Big transitions for someone so young.  

I huffed and picked at the seat more, finding a loose thread and looping it around my fingers until they turned blue.  I unwrapped and re-wrapped them until I’d grown tired of doing so.  I turned on a play list and slid tiredly off the chair and onto the floor.  I rolled on my side and lay there for a good 40 or so minutes, thinking about how tired I was.  I immersed my self in the song that was playing.  It was a song I hadn't listened too since 8th grade.  It brought up feelings that I hadn't felt since then.

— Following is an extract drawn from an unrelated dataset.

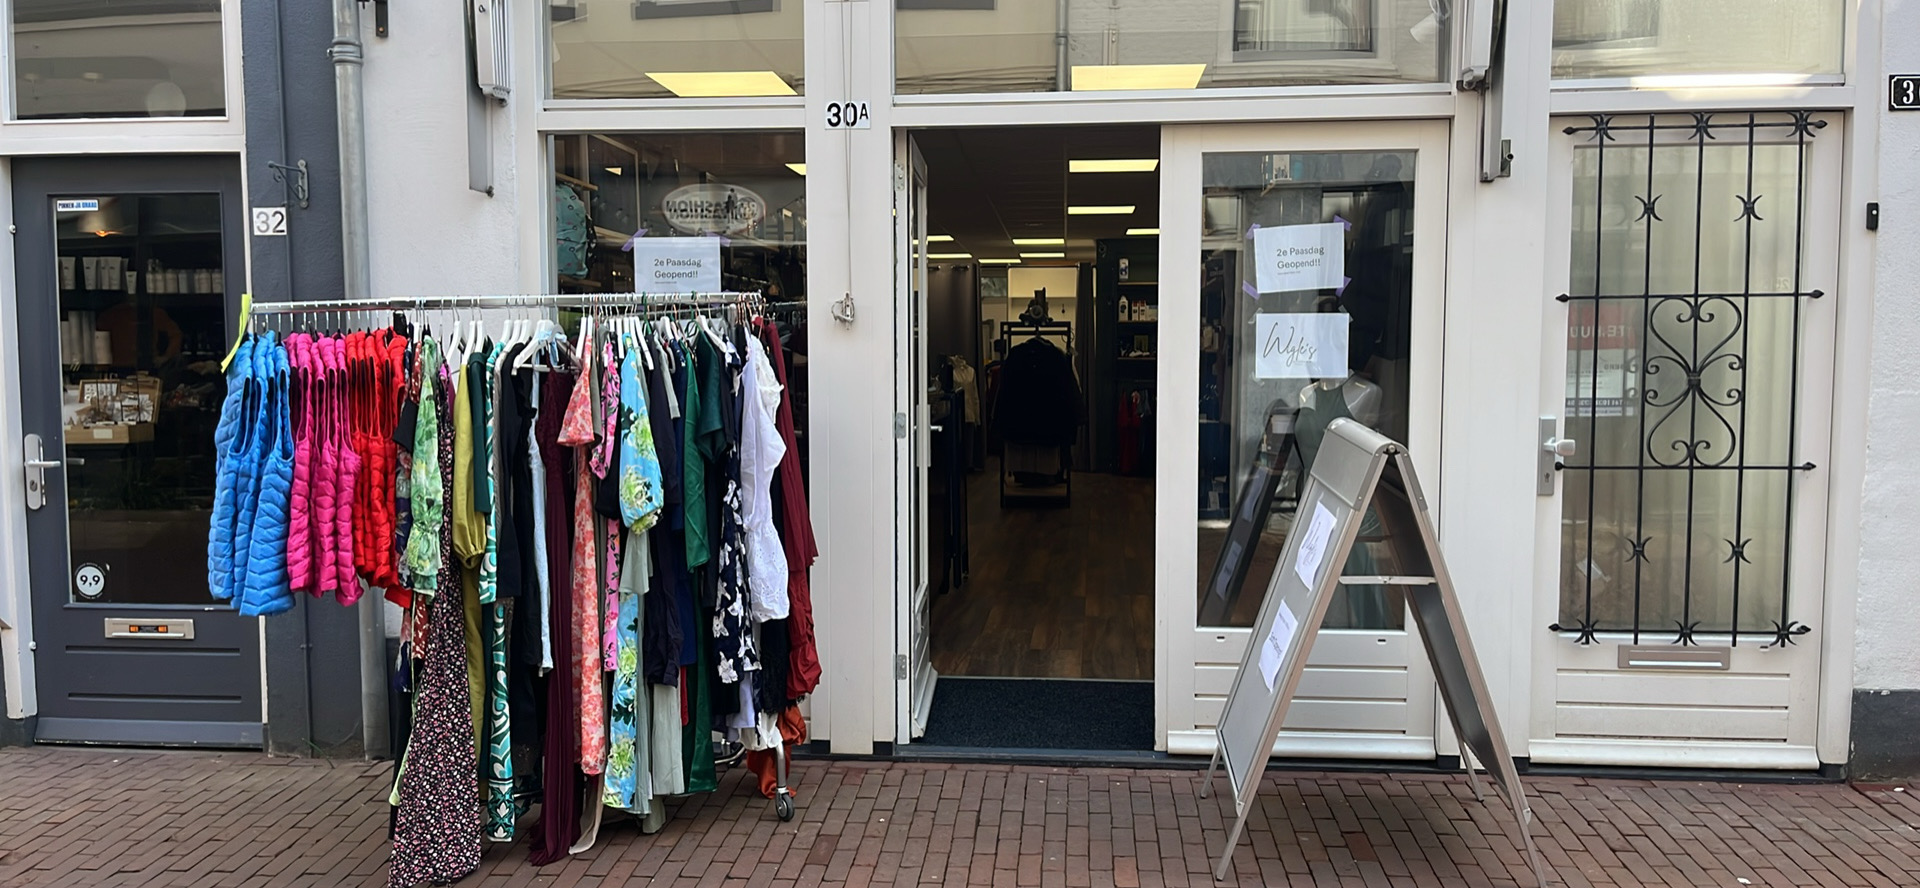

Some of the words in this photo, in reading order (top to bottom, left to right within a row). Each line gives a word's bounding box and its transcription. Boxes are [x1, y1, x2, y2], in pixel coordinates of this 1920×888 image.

Sadness, shame, and absolute depression were the strongest of them.  It made me think about how far I'd come, how much better I'd gotten with time.  I was so lost then, so sad, so angry.  And if I’d ended it then, if I’d given up I would've missed so much.  I felt angry at my self, but sad too.  I'd spent so long being that way, un happy.  I wasn't going to waste any more time.  I was going to force my self to breath.  Force my self to make my life better.  To have fun.  I didn't want to go back there.  No, I wanted to be happy and to get better.  I wonder what Sam and Dean were doing right then.  They'd become a better family, a better support than any one that was actually blood to me.  It hurt in the worst way that they were gone, my mom, and my family.  It was so wrong.  So fucking wrong.  She didn't love me.  But it felt good in the best way that my replacement was so much better.   So much more loving and caring.  I may not have had a biological family, but I had a family, and they were better than anything I could wish for. 

I spent the next hour listening to those songs that I didn't dare listen too because of those memories.  And I sang along.  And I was happy, and proud and not ashamed any more.  I’d come so far, accomplished so much, and I knew I’d still have days were I would get bad again, but I had Dean and Sam to pull me up when I fell down.  They could save me from my self when I couldn’t.  When I couldn’t get up in the morning, they were there.

A sharp sound came from my window.  I climbed up on my bed and looked out, the sound came again and I now knew the source.  Small pebbles hitting my window softly.  I opened up the window and yelled out down to the blonde idiot sitting on his impala on my front lawn.  He was wearing something semi nice for once, a black v-neck and a leather jacket with jeans that didn't have rips in them, I didn't even know he had a pair like that.